Gurusamy Sarathy writes:
Say, sv_catsv()
will need to sv_2utf8() one of the arguments if the flags on the
arguments mismatch (or do something similar).
And so will every single extension out there that ever accesses
SvPVX() directly. If there's no caching, SvPV() in an extension
will have to test for and convert every such utf8-encoded string
every time, making a "byte-encoded" copy, and keeping it somewhere
until whatever ran SvPV() is finished with the result.
Why would an extension want to do this? Most will not care about
encodings, since they have no way to use this info.
Those few which *do* care will have a possibility to treat utf8 and
"narrow" SvPV's differently. Note that the situation is not a tiny
bit worse than with the current nonsensical scheme, when the extension
is given an SV, and has no way to understand whether it is utf8 or narrow.

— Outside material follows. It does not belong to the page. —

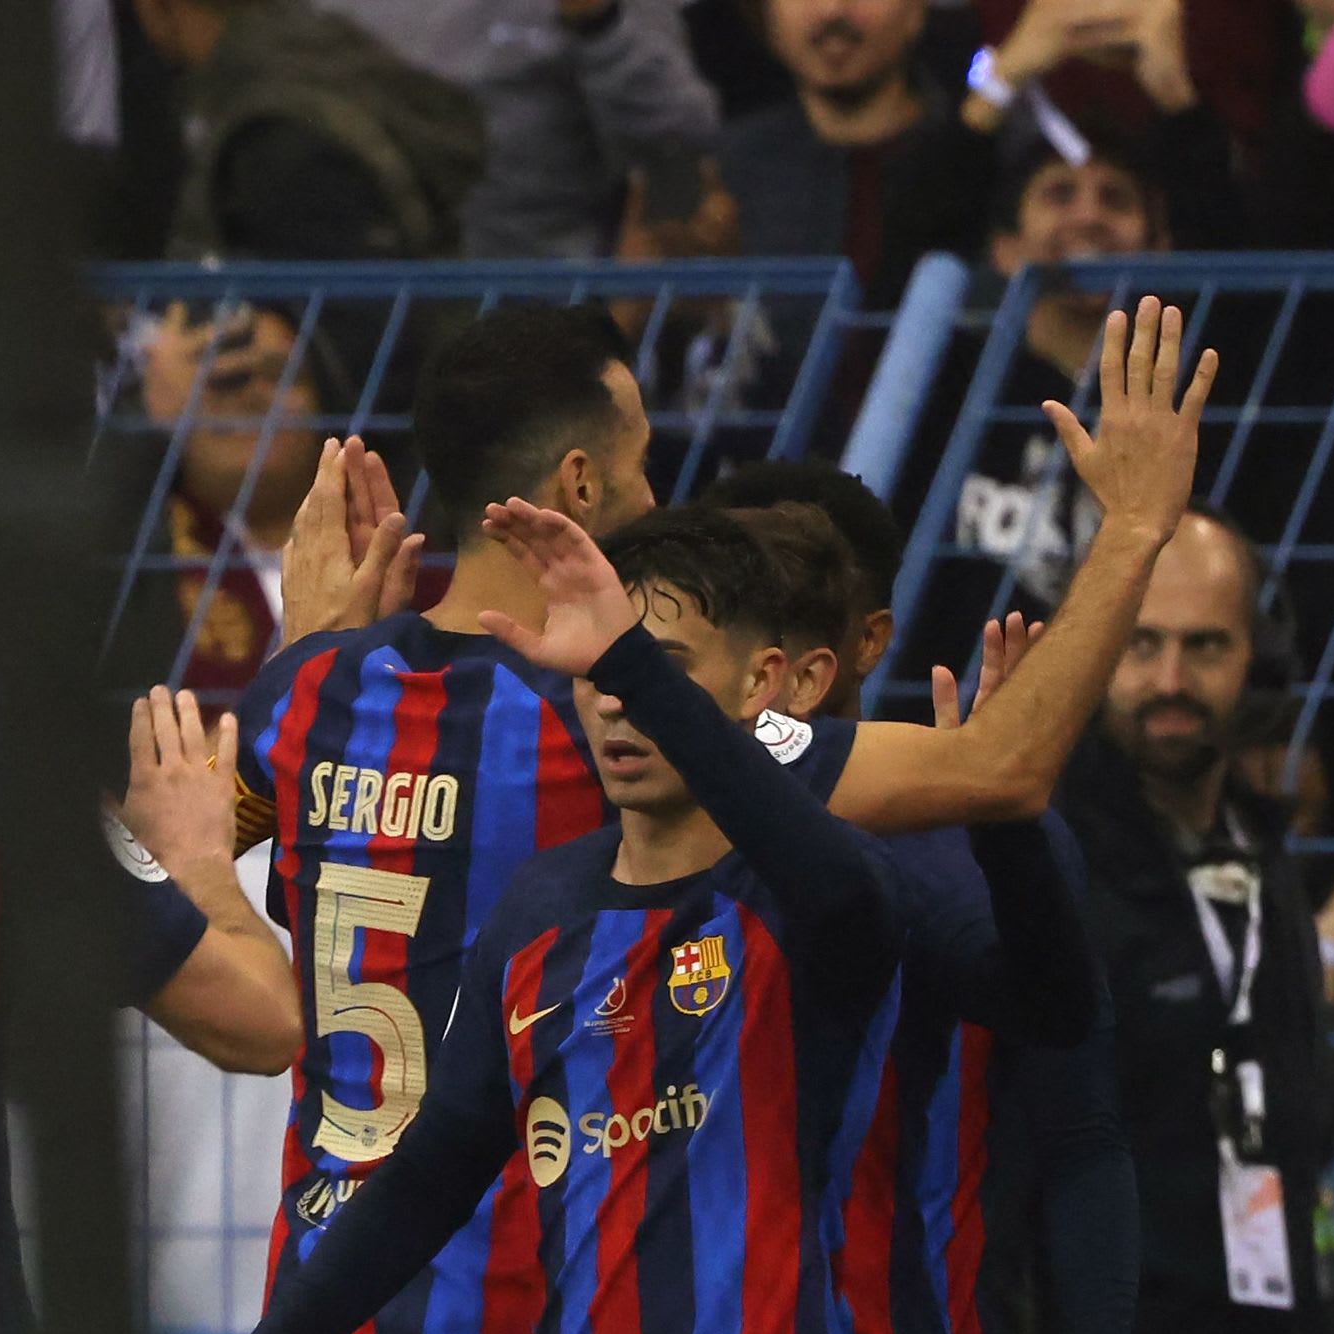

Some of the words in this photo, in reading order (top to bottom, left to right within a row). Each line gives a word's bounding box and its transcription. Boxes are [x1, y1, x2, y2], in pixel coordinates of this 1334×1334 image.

[308, 761, 459, 842] SERGIO
[311, 861, 431, 1162] 5
[688, 969, 712, 983] FCB
[578, 1082, 717, 1159] Spotify

a) printing: all I/O goes via conversion [...]
Then it is as I suspected. :-(
Why sorrow? The default is going to be as with the current scheme.
The only difference is that there is *a possibility* for a sane
behaviour.
??? I repeat: give an example.
Suddenly, I don't see the need to.
An implementation based on magic might be acceptable, but not
what you've sketched out. As always, feel free to convince me
otherwise with an implementation.
Looks like time to pack my belongings...
Ilya